_Your task_: Below is a block of entries, which should be copied verbatim apart from the pictures.

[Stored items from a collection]
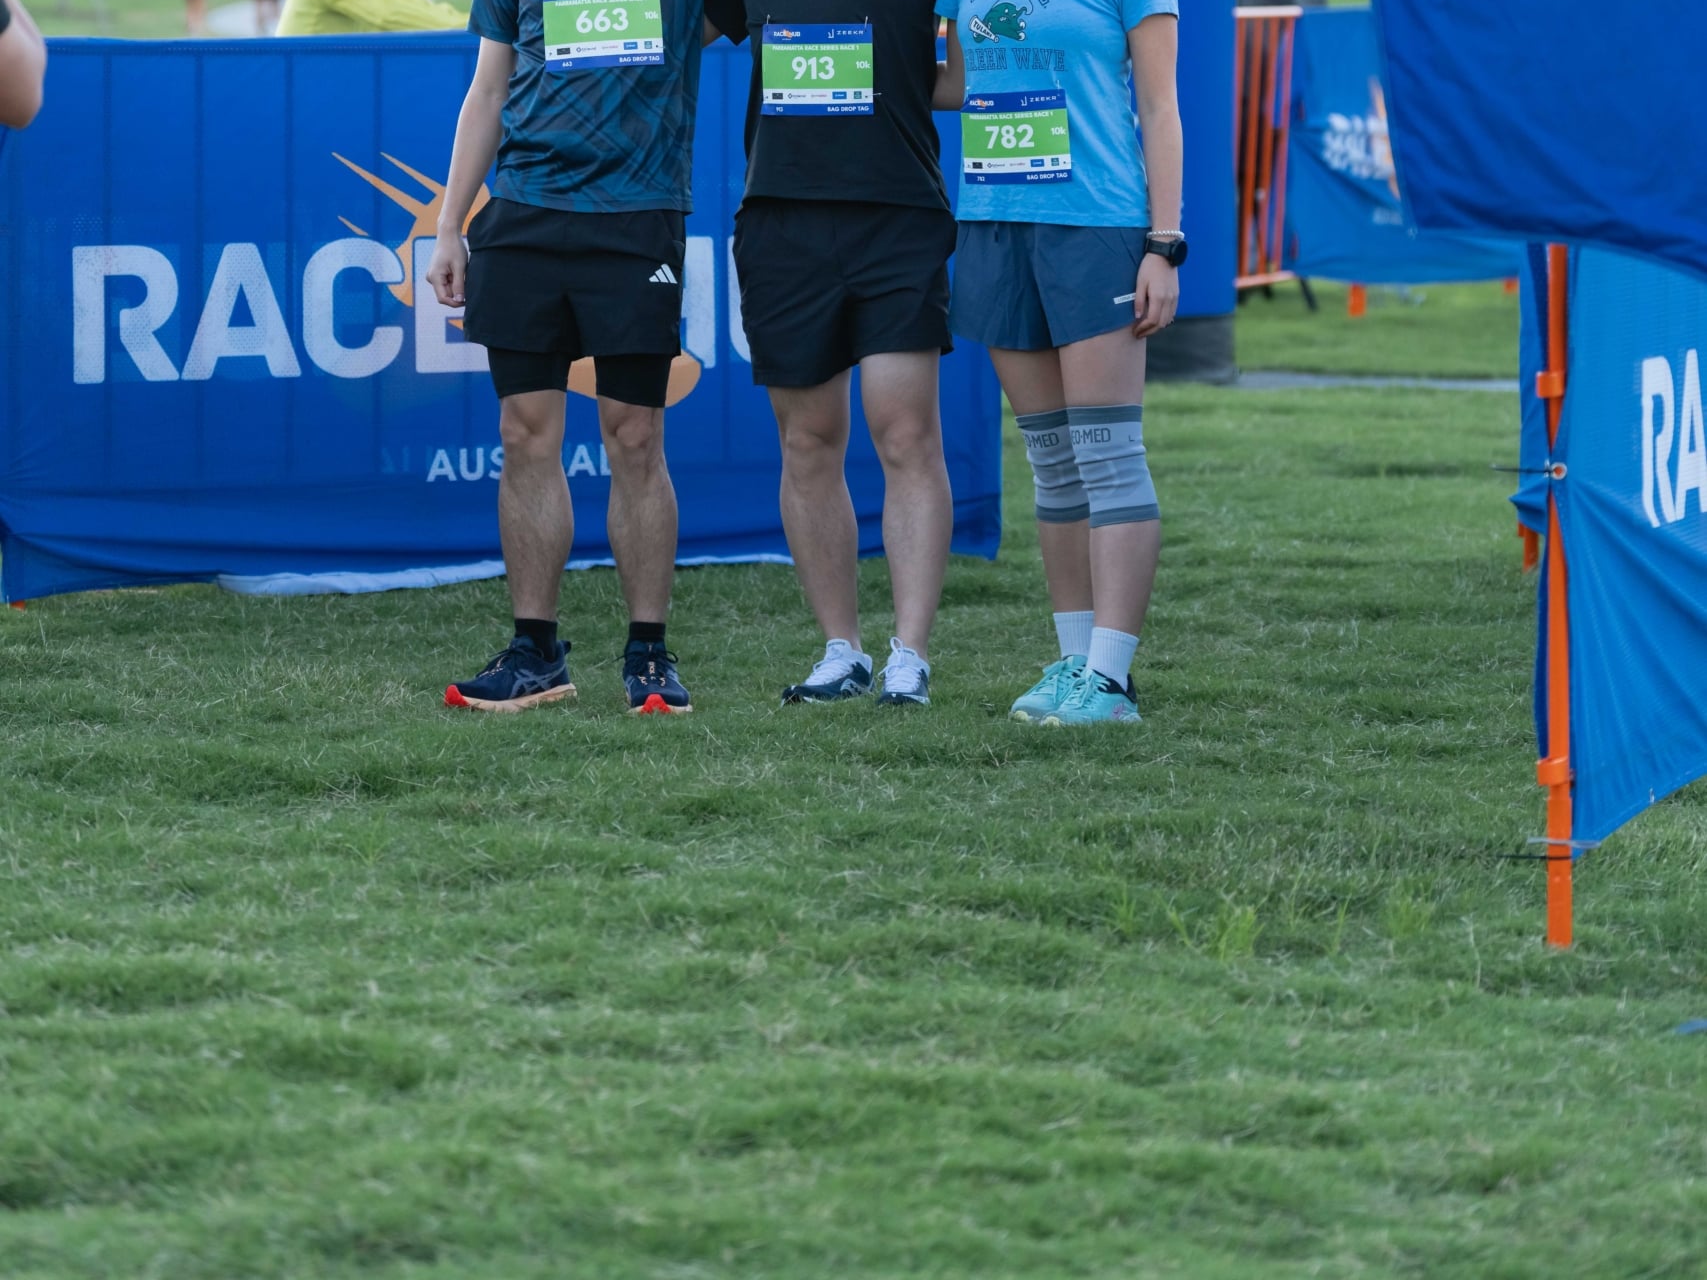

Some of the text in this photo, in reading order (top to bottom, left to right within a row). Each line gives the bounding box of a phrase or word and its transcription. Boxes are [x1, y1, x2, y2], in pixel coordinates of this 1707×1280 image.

[575, 7, 629, 34] 663
[791, 56, 835, 80] 913
[967, 47, 1065, 72] REEN WAVE
[984, 124, 1035, 149] 782

_Exercise output_:
Some of the text in this photo, in reading order (top to bottom, left to right within a row). Each line gives the bounding box of a phrase or word and its transcription. Boxes are [x1, y1, x2, y2], in pixel coordinates of this 1707×1280 image.

[575, 7, 629, 34] 663
[791, 56, 835, 80] 913
[967, 47, 1065, 72] REEN WAVE
[984, 124, 1035, 149] 782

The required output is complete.